## Instructions to follow
Would you print the records as they stand, down to the last character?
═════ Exercise materials ═════
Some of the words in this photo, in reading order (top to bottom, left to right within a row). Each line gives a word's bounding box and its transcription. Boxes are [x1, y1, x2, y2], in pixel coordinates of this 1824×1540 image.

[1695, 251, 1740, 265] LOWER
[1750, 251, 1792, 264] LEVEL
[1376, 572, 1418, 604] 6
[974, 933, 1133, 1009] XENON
═════
## Exercise output
Some of the words in this photo, in reading order (top to bottom, left to right within a row). Each line gives a word's bounding box and its transcription. Boxes are [x1, y1, x2, y2], in pixel coordinates of this 1824×1540 image.

[1695, 251, 1740, 265] LOWER
[1750, 251, 1792, 264] LEVEL
[1376, 572, 1418, 604] 6
[974, 933, 1133, 1009] XENON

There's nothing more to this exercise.